Your goal — Pictures aside, repeat every entry exactly.

--------------------

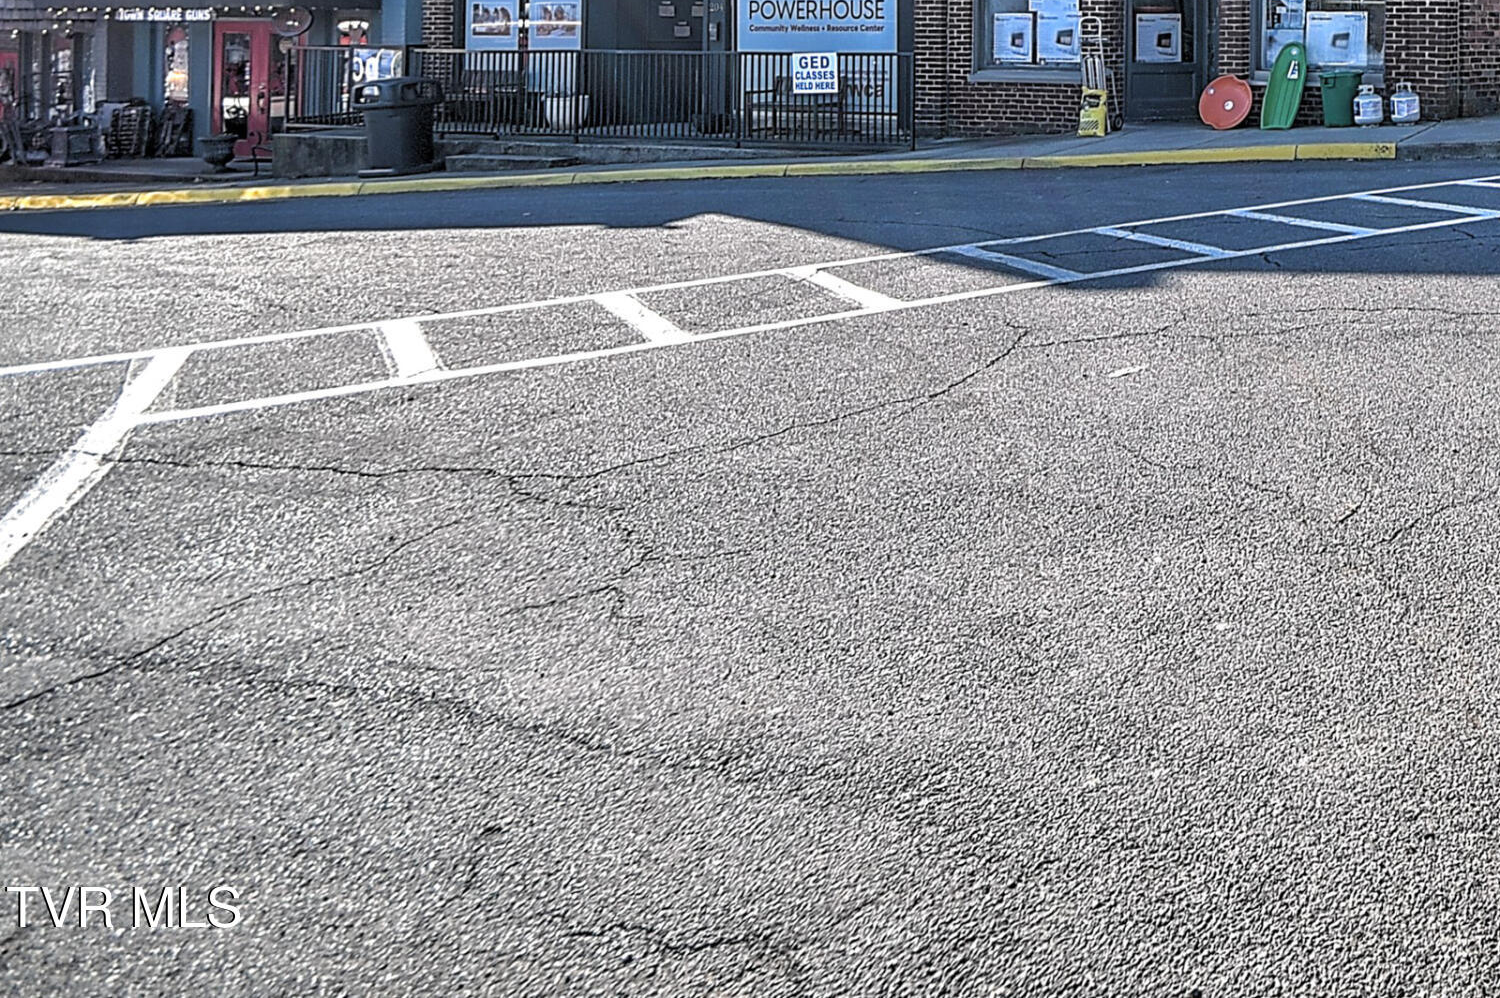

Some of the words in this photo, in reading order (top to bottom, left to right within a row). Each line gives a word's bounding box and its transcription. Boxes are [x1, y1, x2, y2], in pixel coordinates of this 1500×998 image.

[185, 8, 212, 21] GUNS
[749, 24, 788, 33] Community
[790, 24, 820, 32] Wellness
[826, 24, 858, 32] Resource
[860, 24, 885, 32] Center
[799, 56, 830, 69] GED
[795, 71, 835, 80] CLASSES
[795, 81, 813, 90] HELD
[815, 81, 835, 90] HERE

--------------------

The completed task —
Some of the words in this photo, in reading order (top to bottom, left to right within a row). Each line gives a word's bounding box and its transcription. Boxes are [x1, y1, x2, y2], in pixel coordinates of this 1500×998 image.

[185, 8, 212, 21] GUNS
[749, 24, 788, 33] Community
[790, 24, 820, 32] Wellness
[826, 24, 858, 32] Resource
[860, 24, 885, 32] Center
[799, 56, 830, 69] GED
[795, 71, 835, 80] CLASSES
[795, 81, 813, 90] HELD
[815, 81, 835, 90] HERE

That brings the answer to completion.